Most of her clients are very young and aspirational, she says. Many want to learn “American English”: one of their popular channels with more than six million followers tries to do so, using the Hindi language instructions.
A viral video on this channel shows Geet telling his followers what assorted footwear is called at home in English: flip flops, loafers, slippers, flat shoes, high heels.
In another, she corrects her mother’s pronunciation of words like breakfast, dessert, food, vegetables, and pears, using her American accent. Another video is about “seven ways to say happy birthday.”
“This is all supposed to be nimble, fun and educational,” she says.
Her other two channels offer relationship tips and motivating chats for young people, often based on the questions her followers send to her inbox. “The most common question I get is how to deal with a breakup. The next thing is what to do if my partner doesn’t give me time. Married people talk about marital conflict and domestic violence.”
TikTok, says Geet, has changed the lives of many people he meets. Advertisers woo users who have amassed massive followers. “Many of my friends depend on the app as their main source of income,” she says. “For me, I am happy if people recognize my work.”
An Uber driver in Delhi recognized her once and asked her to record a video on her mobile phone giving her son some advice “who was not studying much.” On another occasion in a shopping complex, she was approached by an executive who asked her: “Aren’t you the girl who teaches English on TikTok?”
Geet says the app has changed his life. At age 10, she suffered a spinal cord injury and has been a wheelchair user ever since. “It is a very equalizing platform. You see a lot of people with different abilities on TikTok who have been accepted,” she says.

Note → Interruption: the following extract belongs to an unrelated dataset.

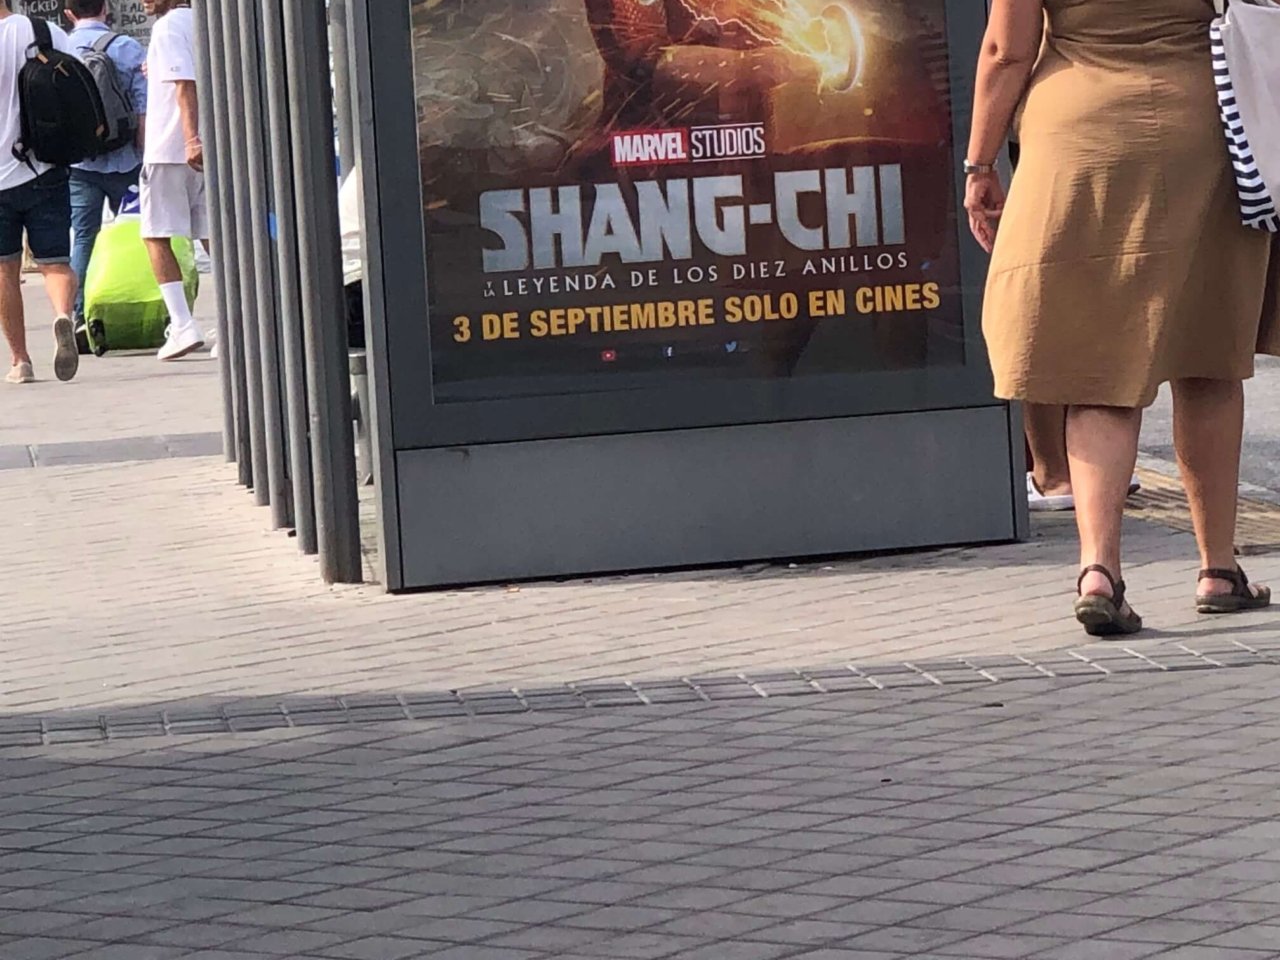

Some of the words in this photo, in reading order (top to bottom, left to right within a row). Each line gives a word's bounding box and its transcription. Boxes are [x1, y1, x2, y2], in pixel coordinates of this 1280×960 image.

Blocking to prevent the spread of the coronavirus has been a stressful time for her and her followers. Before the shutdown began in late March, she joined her brother along with her parents in Seattle, from where she continues to make videos. To keep her followers engaged, she often broadcasts live and makes videos with games and puzzles. “It is a difficult time,” she says.
It got a little more difficult on Monday night. Geet went live on their channels to appease their eager fans.
“Don’t worry. Don’t lose your courage. Let’s wait. We believe the problem will be solved and we will meet again. Don’t lose hope and do nothing drastic.”